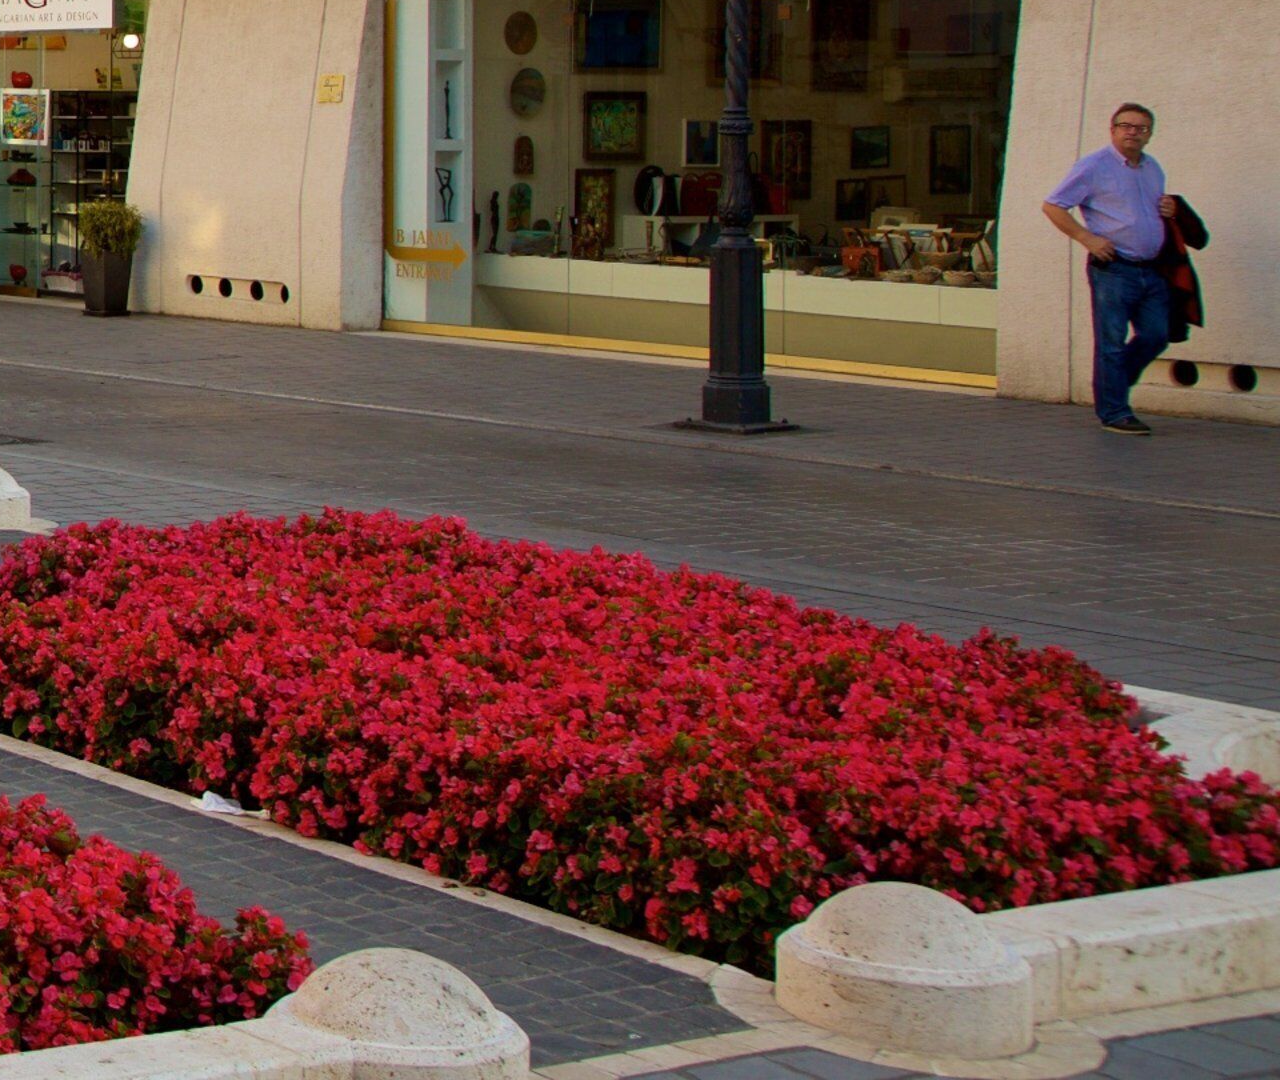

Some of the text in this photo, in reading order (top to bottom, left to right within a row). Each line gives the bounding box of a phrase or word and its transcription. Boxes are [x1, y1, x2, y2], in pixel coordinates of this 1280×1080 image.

[39, 12, 53, 22] ART
[57, 13, 63, 22] &
[66, 10, 99, 21] DESIGN
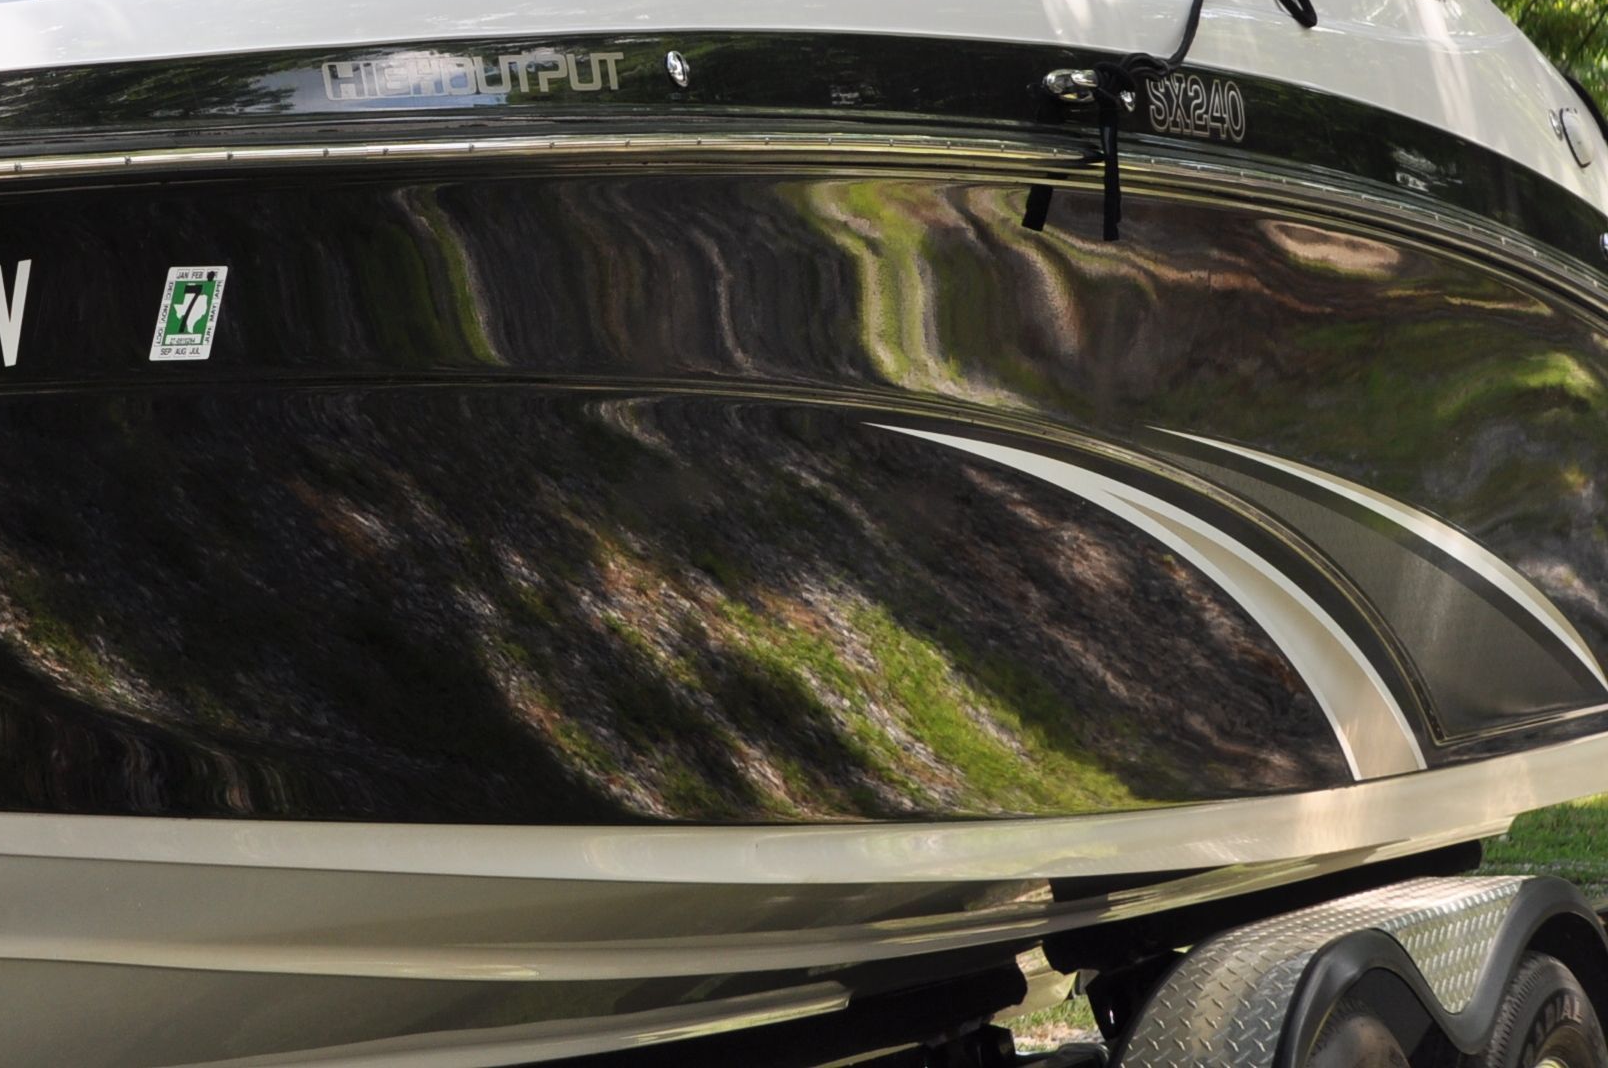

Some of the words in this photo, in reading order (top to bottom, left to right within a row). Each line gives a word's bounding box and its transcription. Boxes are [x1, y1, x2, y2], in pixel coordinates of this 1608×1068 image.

[1145, 72, 1246, 143] SX240
[176, 271, 189, 279] JAN
[191, 271, 204, 279] FEB
[179, 285, 204, 333] 7
[160, 347, 172, 355] SEP
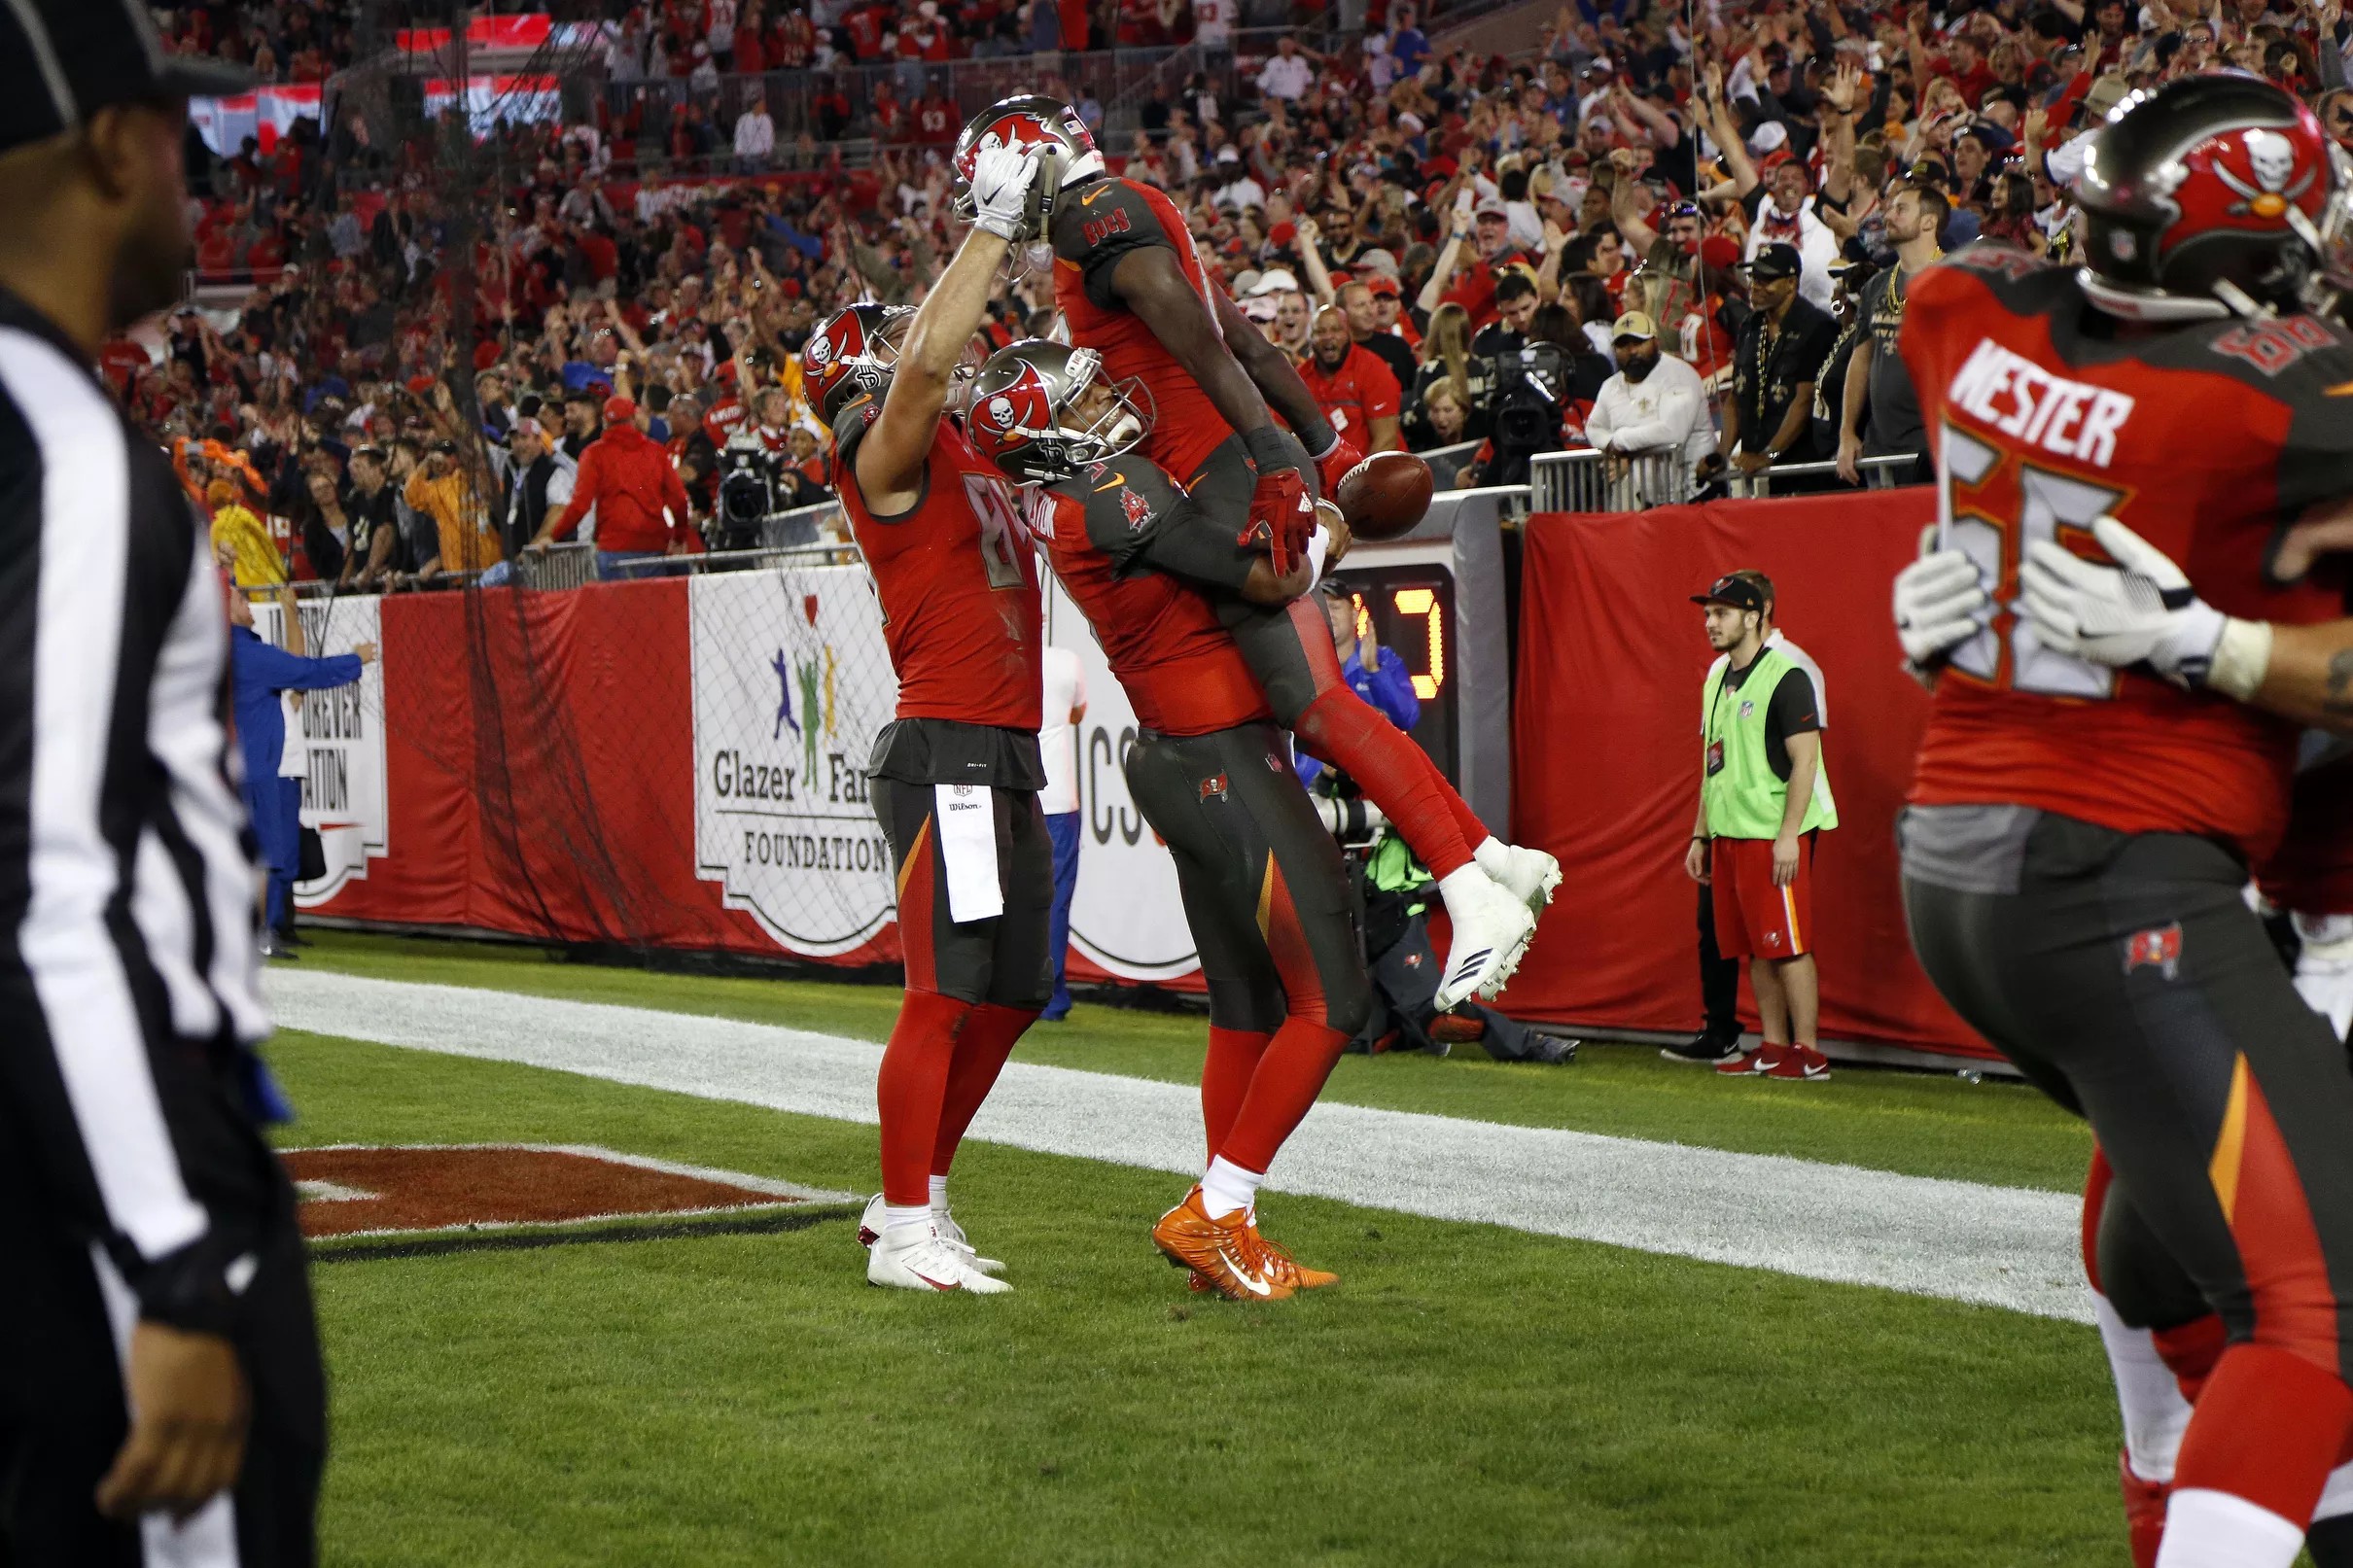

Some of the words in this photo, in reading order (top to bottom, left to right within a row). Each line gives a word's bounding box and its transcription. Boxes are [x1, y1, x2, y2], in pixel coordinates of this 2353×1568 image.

[1081, 207, 1131, 247] BUCS
[714, 750, 795, 801] Glazer
[956, 784, 971, 795] NFL
[949, 802, 978, 811] Wilson
[745, 831, 888, 872] FOUNDATION
============================================================
▶ **Aim of the task**:
Exact copy, no pictures: please print the data above once more.

▶ **Response to this task**:
Some of the text in this photo, in reading order (top to bottom, left to right within a row). Each line gives the bounding box of a phrase or word and its transcription. Boxes are [x1, y1, x2, y2], in pixel coordinates of this 1280×1080 image.

[39, 12, 53, 22] ART
[57, 13, 63, 22] &
[66, 10, 99, 21] DESIGN

Some of the words in this photo, in reading order (top to bottom, left to right within a row). Each line gives a word's bounding box and its transcription. Boxes are [x1, y1, x2, y2], in pixel coordinates of this 1608×1068 image.

[1145, 72, 1246, 143] SX240
[176, 271, 189, 279] JAN
[191, 271, 204, 279] FEB
[179, 285, 204, 333] 7
[160, 347, 172, 355] SEP

Some of the words in this photo, in reading order (top to bottom, left to right within a row). Each line gives a word's bounding box and its transcription. Boxes are [x1, y1, x2, y2], in pixel coordinates of this 2353×1568 image.

[1081, 207, 1131, 247] BUCS
[714, 750, 795, 801] Glazer
[956, 784, 971, 795] NFL
[949, 802, 978, 811] Wilson
[745, 831, 888, 872] FOUNDATION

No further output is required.